Type out the listing below exactly. Pictures stay out of it.

▽

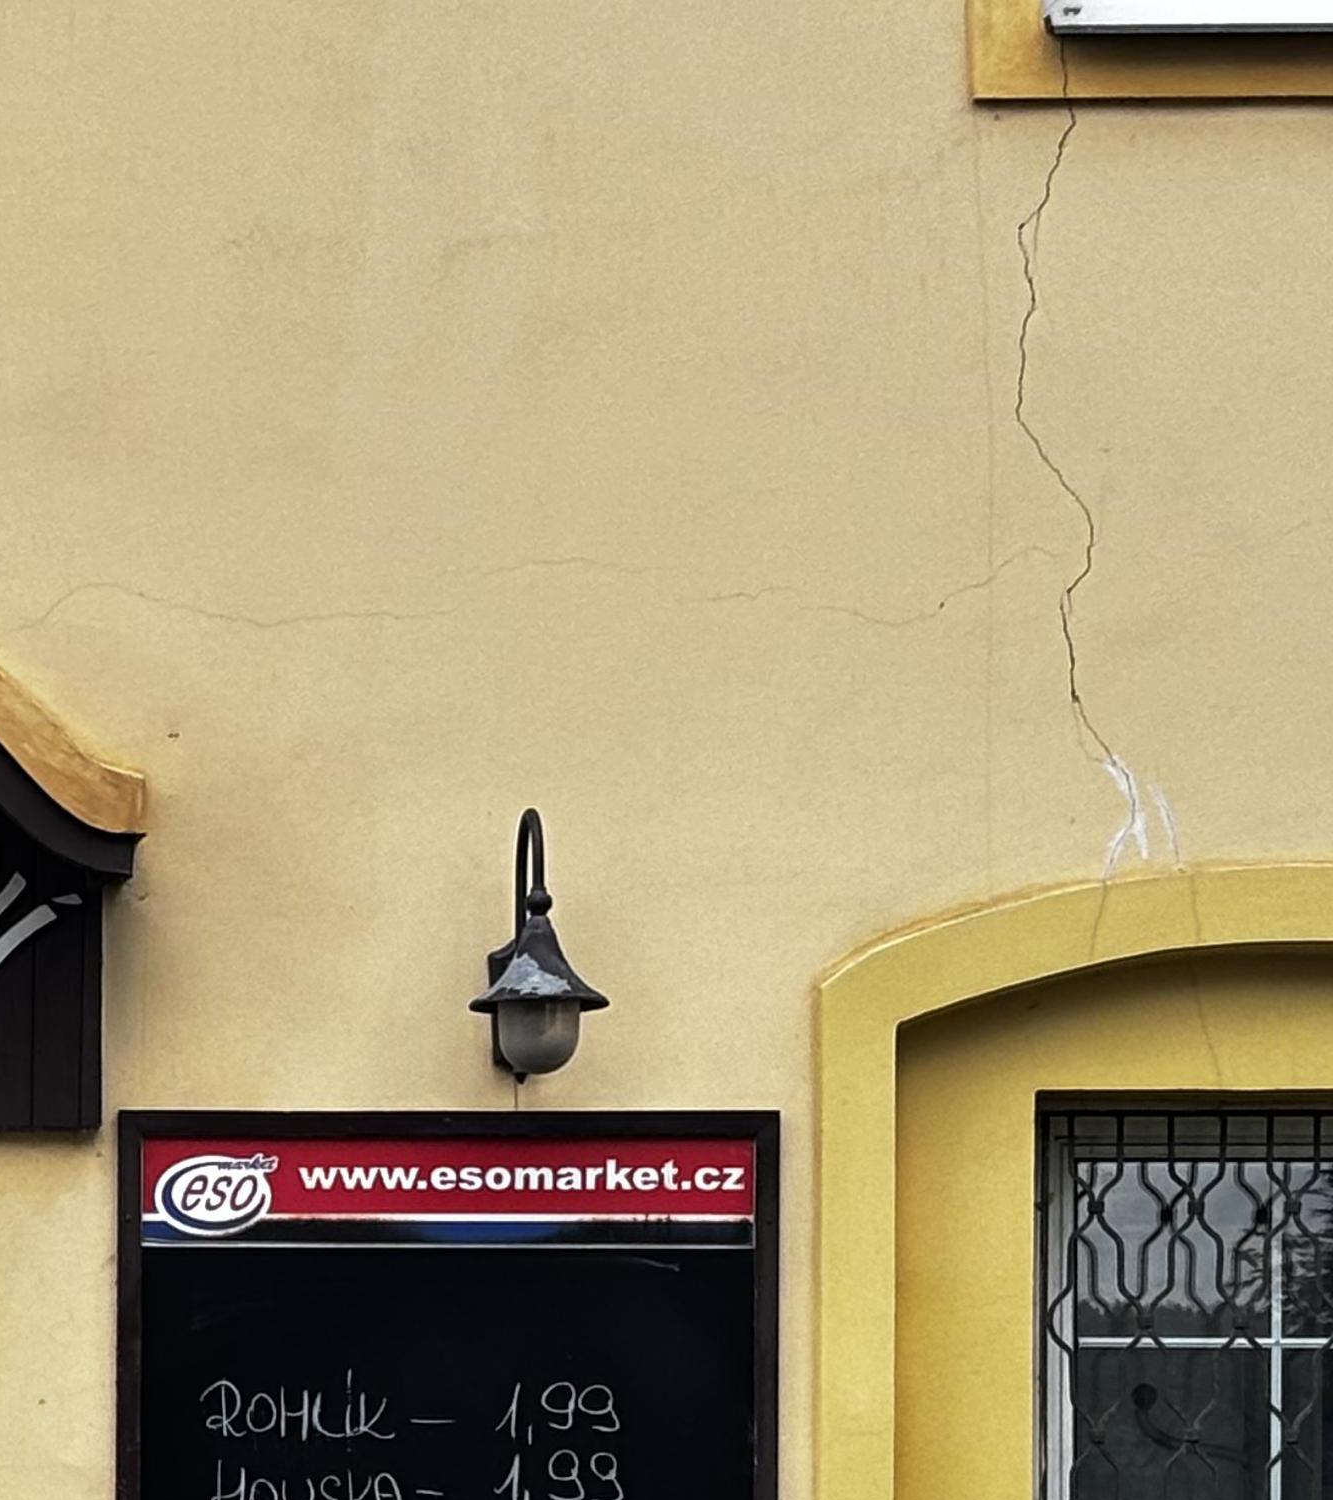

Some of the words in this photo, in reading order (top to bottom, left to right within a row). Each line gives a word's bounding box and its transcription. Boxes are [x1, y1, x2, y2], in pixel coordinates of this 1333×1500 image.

[181, 1174, 259, 1211] eso
[298, 1158, 745, 1191] www.esomarket.cz
[200, 1368, 395, 1441] ROHLÍK
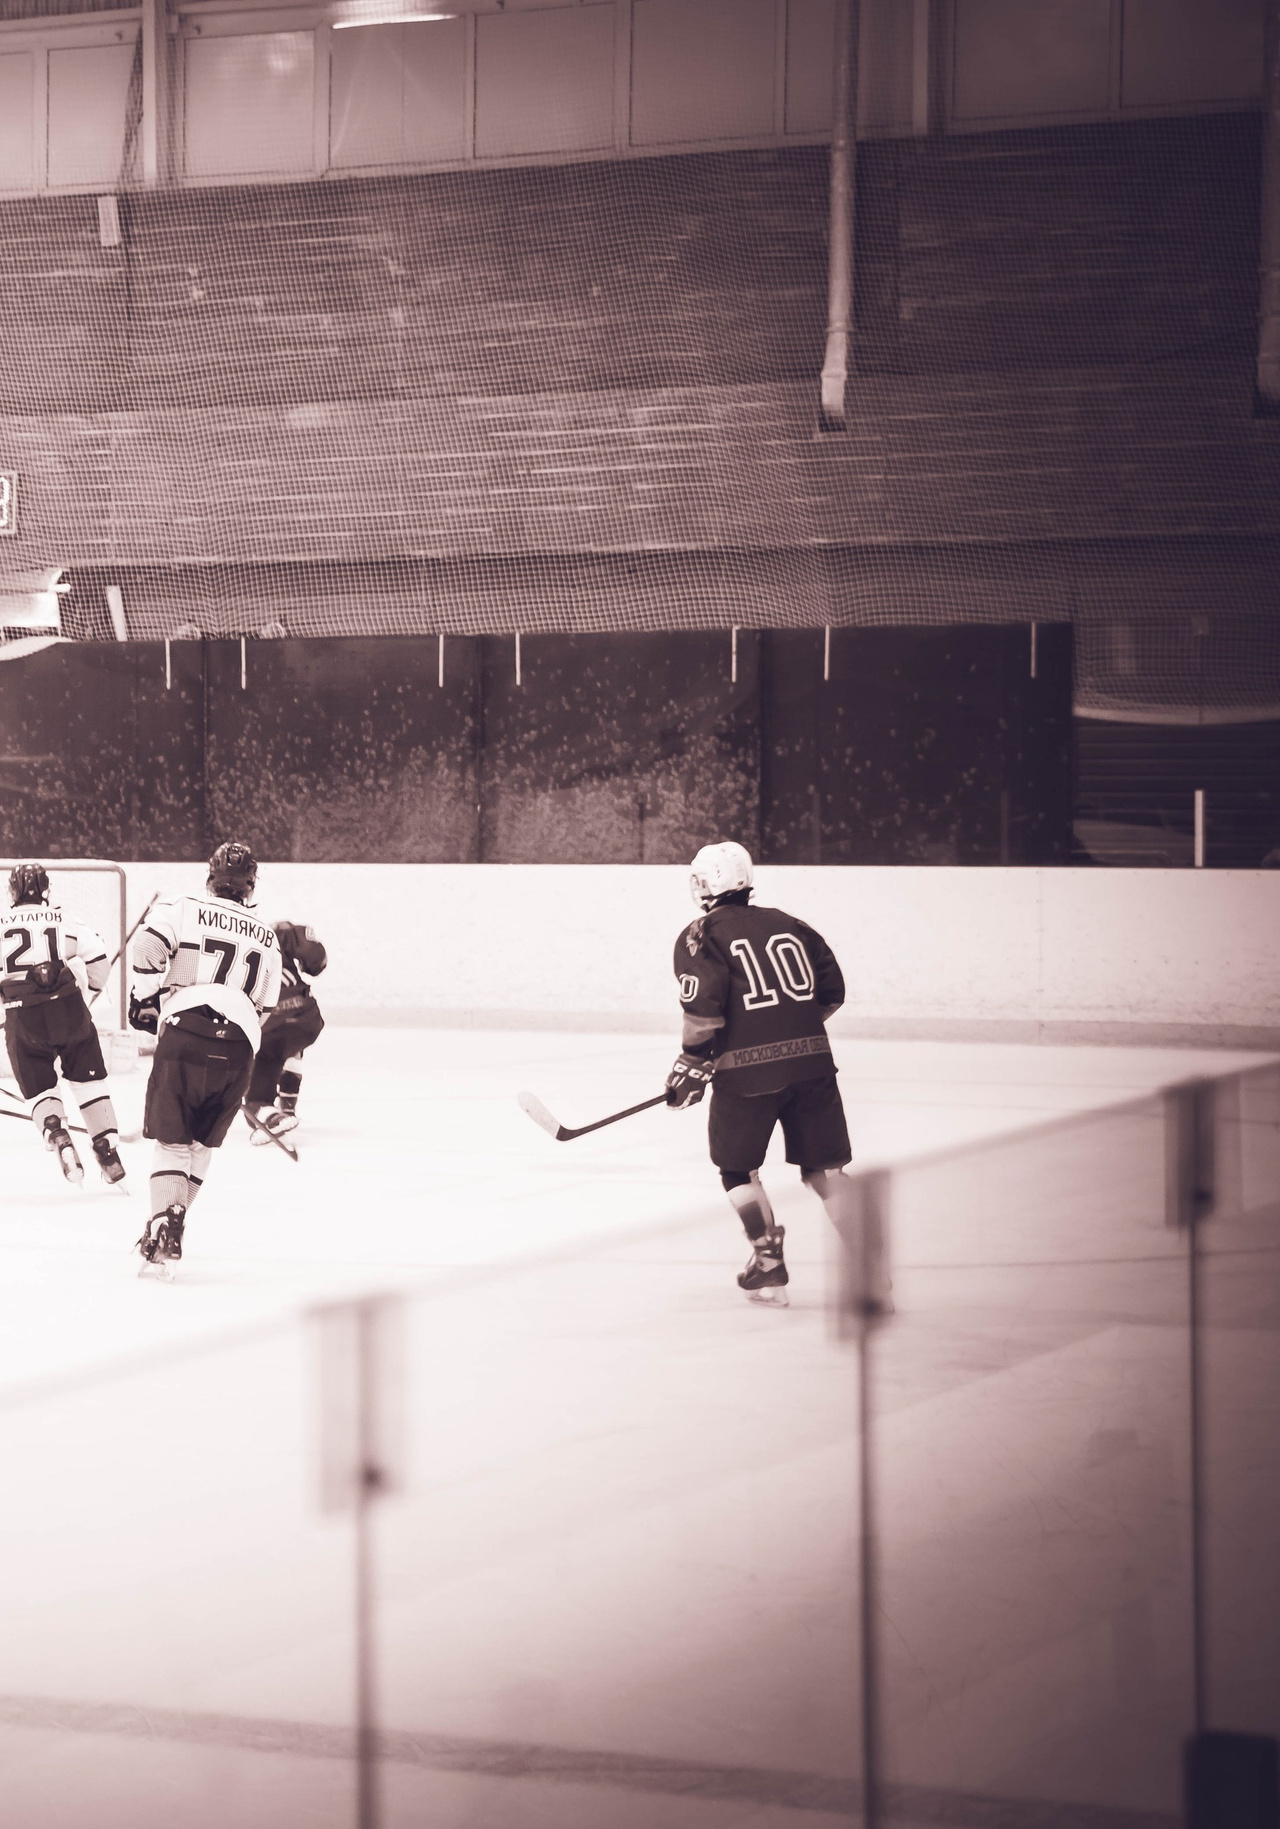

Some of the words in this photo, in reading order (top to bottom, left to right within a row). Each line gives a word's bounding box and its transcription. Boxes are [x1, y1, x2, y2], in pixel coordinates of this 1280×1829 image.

[1, 925, 66, 977] 21
[197, 908, 275, 948] КИСЛЯКОВ
[202, 935, 264, 1006] 71
[729, 932, 815, 1011] 10
[732, 1039, 810, 1067] МОСКОВСКАЯ
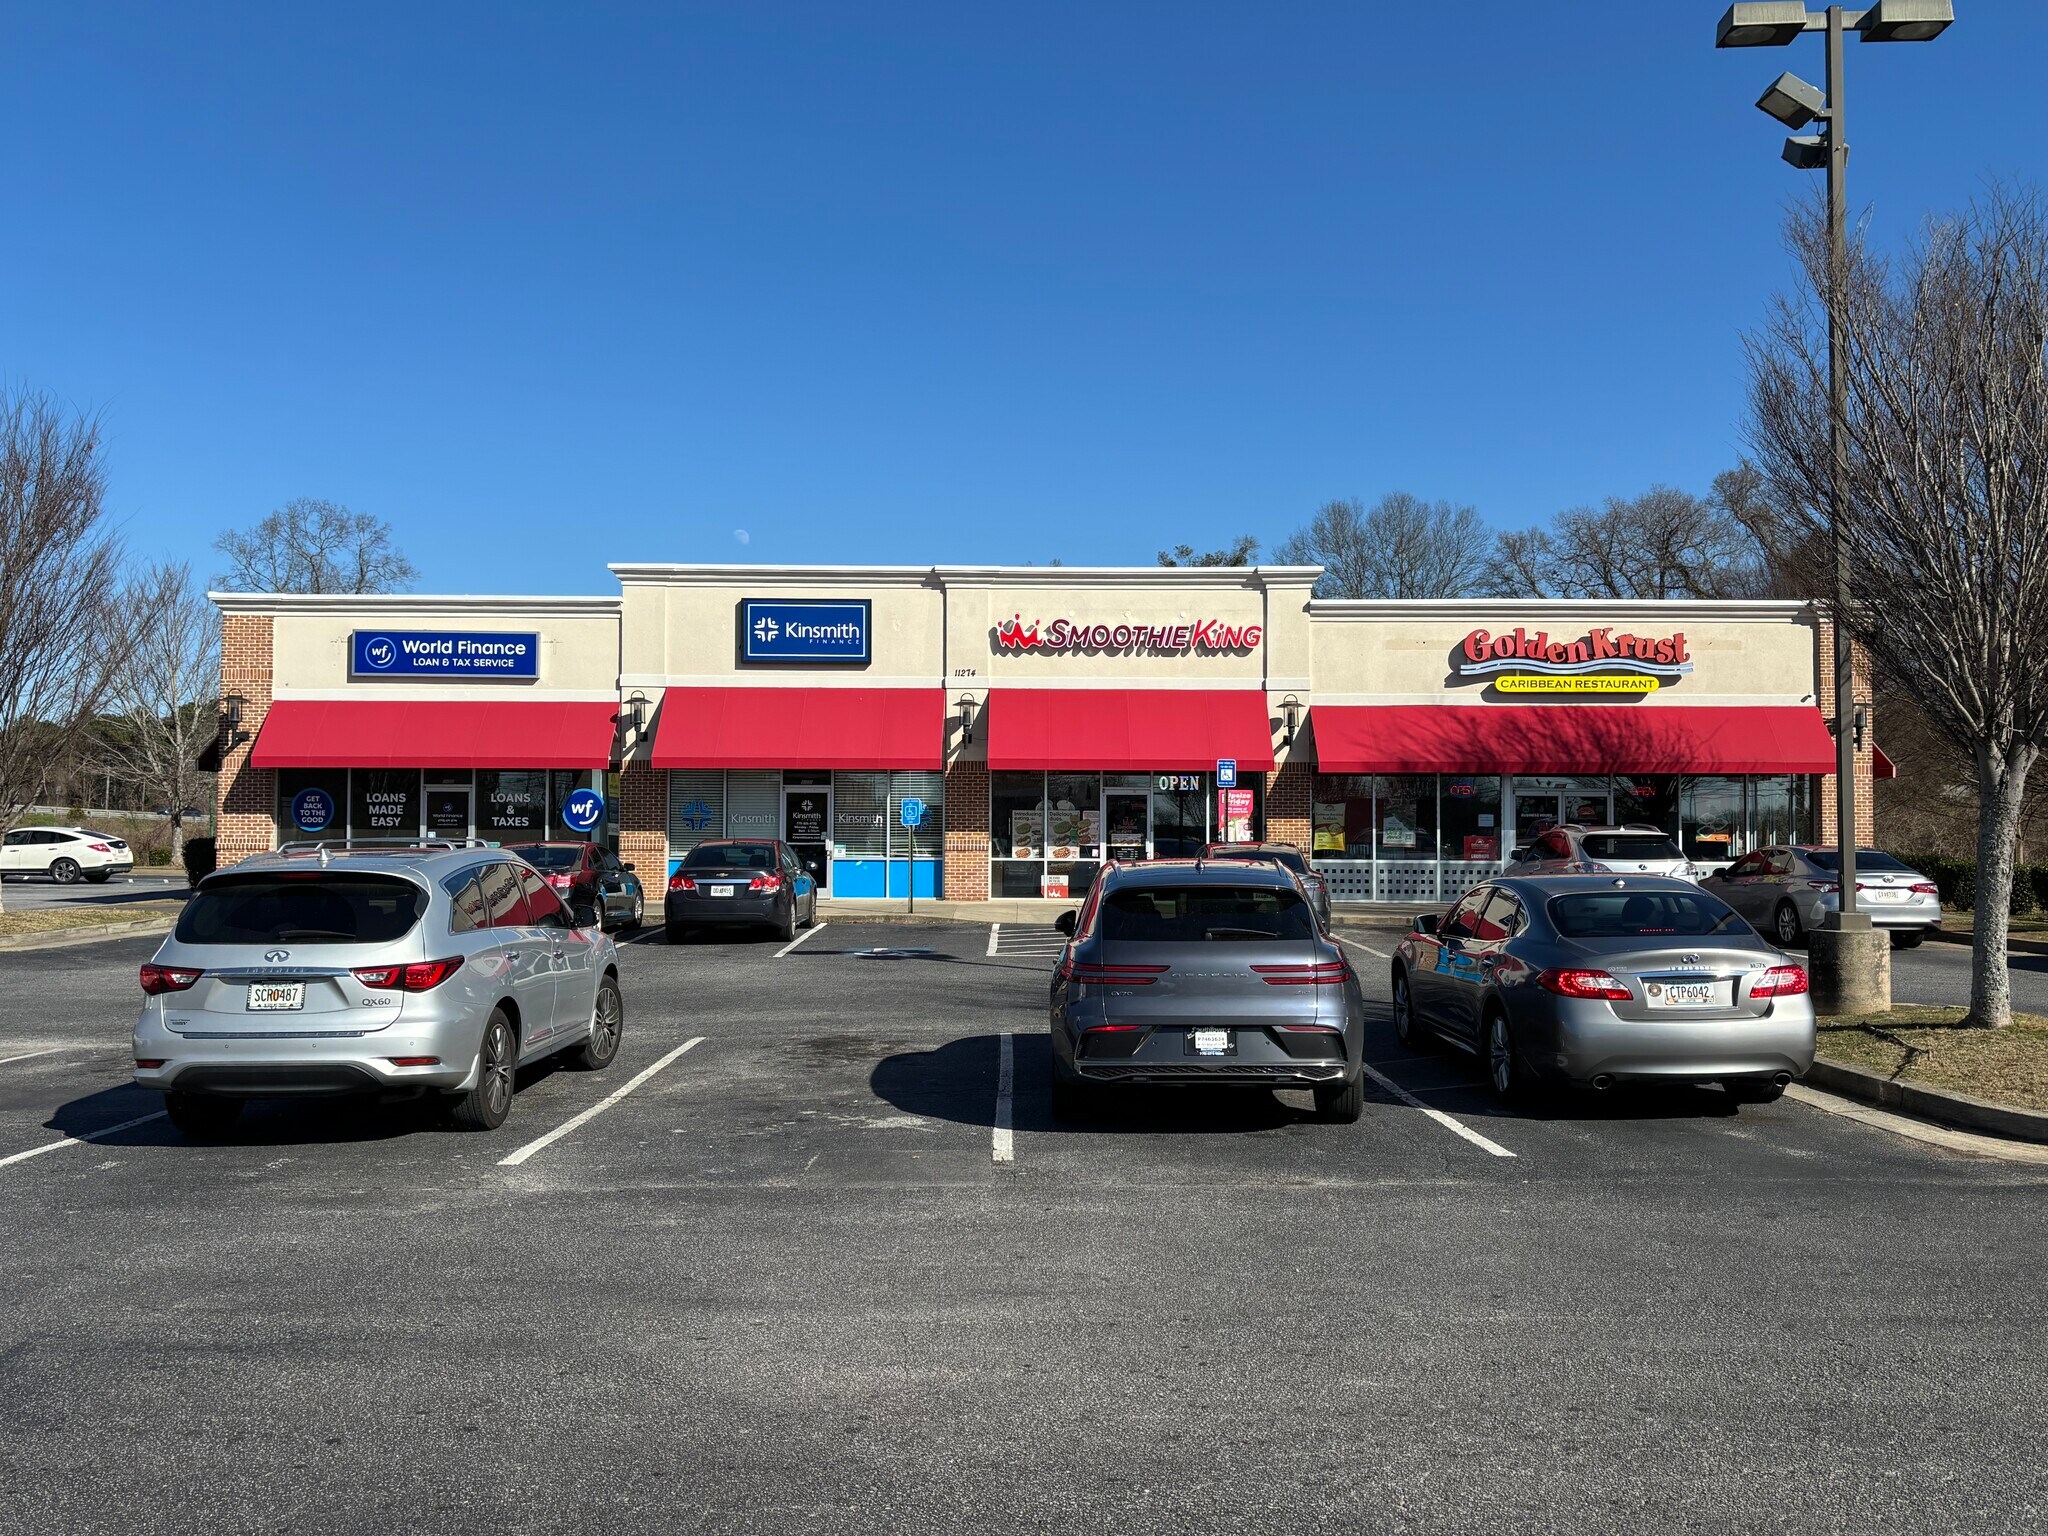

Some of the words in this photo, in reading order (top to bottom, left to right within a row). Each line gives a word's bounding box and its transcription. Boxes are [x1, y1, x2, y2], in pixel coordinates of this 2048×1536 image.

△

ANSWER SECTION:
Some of the words in this photo, in reading order (top to bottom, left to right within a row). Each line gives a word's bounding box and its transcription. Boxes are [x1, y1, x2, y2], in pixel coordinates of this 1333×1500 image.

[181, 1174, 259, 1211] eso
[298, 1158, 745, 1191] www.esomarket.cz
[200, 1368, 395, 1441] ROHLÍK

Some of the words in this photo, in reading order (top to bottom, left to right within a row). Each line gives a word's bounding box and its transcription. Boxes are [x1, y1, x2, y2], in pixel coordinates of this 1280×1829 image.

[1, 925, 66, 977] 21
[197, 908, 275, 948] КИСЛЯКОВ
[202, 935, 264, 1006] 71
[729, 932, 815, 1011] 10
[732, 1039, 810, 1067] МОСКОВСКАЯ

Some of the words in this photo, in reading order (top to bottom, left to right within a row). Each line gives a word's bounding box and its transcription. Boxes are [x1, y1, x2, y2], in pixel coordinates of this 2048×1536 image.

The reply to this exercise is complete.